N.B. L’ “altro” mondo, quello ignoto va bene! Ma dire “mondo vero” significa ”saperne qualcosa”: e questo è il contrario della supposizione di un mondo x…In summa: il mondo x potrebbe essere in ogni senso più noioso, inumano e indegno di questo. Diverso sarebbe se si sostenesse che esistono x mondi, ossia anche tutti gli altri mondi possibili, al di fuori di questo. Ma ciò non fu mai sostenuto… ¬
Problema: perché la rappresentazione dell’altro mondo ha sempre mirato a svantaggiare, ovvero criticare questo mondo? Che cosa indica? Ossia: un popolo fiero di sé, che vive una parabola ascendente, pensa sempre l’essere altro come un essere inferiore, di minor valore; considera il mondo straniero, ignoto, come suo avversario, si sente privo di curiosità, ripudia completamente ciò che gli è estraneo. .. Un popolo non ammetterebbe che un altro popolo sia il “vero popolo”.. .
E già sintomatico che sia possibile una tale distinzione che si consideri questo mondo come ”apparente” e quello come “vero”.
Il focolaio della rappresentazione “altro mondo”: il filosofo, che inventa un mondo della ragione dove la ragione e le funzioni logiche risultano adeguate: qui sorge il mondo “vero”; l’uomo religioso, che inventa un “mondo divino”: qui sorge il mondo “snaturalizzato, antinaturale”; l’uomo morale, che finge un “mondo libero” qui sorge un mondo “buono, perfetto, giusto, santo”.
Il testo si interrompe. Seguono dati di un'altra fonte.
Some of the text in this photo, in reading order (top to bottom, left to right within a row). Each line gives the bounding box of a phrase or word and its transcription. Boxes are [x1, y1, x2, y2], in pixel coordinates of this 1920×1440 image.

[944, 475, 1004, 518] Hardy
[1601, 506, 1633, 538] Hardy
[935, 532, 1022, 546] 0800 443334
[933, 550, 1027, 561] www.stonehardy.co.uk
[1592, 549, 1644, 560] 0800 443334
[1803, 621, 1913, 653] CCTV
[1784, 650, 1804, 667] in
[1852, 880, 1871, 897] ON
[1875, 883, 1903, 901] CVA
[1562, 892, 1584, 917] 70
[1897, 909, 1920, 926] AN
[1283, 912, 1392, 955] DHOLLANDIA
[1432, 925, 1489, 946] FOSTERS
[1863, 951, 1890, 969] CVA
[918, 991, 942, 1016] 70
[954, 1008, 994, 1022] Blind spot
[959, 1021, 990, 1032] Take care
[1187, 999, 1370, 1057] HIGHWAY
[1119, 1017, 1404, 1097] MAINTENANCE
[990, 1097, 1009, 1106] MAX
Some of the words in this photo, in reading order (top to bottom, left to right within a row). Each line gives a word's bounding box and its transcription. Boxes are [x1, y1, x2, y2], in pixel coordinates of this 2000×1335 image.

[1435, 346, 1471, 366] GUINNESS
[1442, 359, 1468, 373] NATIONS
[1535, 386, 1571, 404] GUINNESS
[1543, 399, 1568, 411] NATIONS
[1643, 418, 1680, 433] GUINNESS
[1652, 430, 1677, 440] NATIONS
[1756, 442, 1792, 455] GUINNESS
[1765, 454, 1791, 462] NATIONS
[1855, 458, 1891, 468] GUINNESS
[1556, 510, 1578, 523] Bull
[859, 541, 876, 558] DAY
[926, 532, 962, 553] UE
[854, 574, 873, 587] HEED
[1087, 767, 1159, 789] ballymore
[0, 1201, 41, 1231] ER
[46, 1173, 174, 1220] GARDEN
Ciò che è comune ai tre focolai in cui nasce “l’altro mondo”: l’errore psicologico, le confusioni fisiologiche; “l’altro mondo”, quale effettivamente a pare nella storia, da quali attributi è caratterizzato? Dalle stigmate del pregiudizio filosofico, religioso, morale..
L’ “altro mondo” chiarito da questi fatti è sinonimo di non essere, del non vivere, del non voler vivere.. .
Veduta d’insieme l’istinto della stanchezza del vivere, e non quello della vita, ha creato l altro mondo. Conseguenza: filosofia, religione e morale sono sintomi della décadence.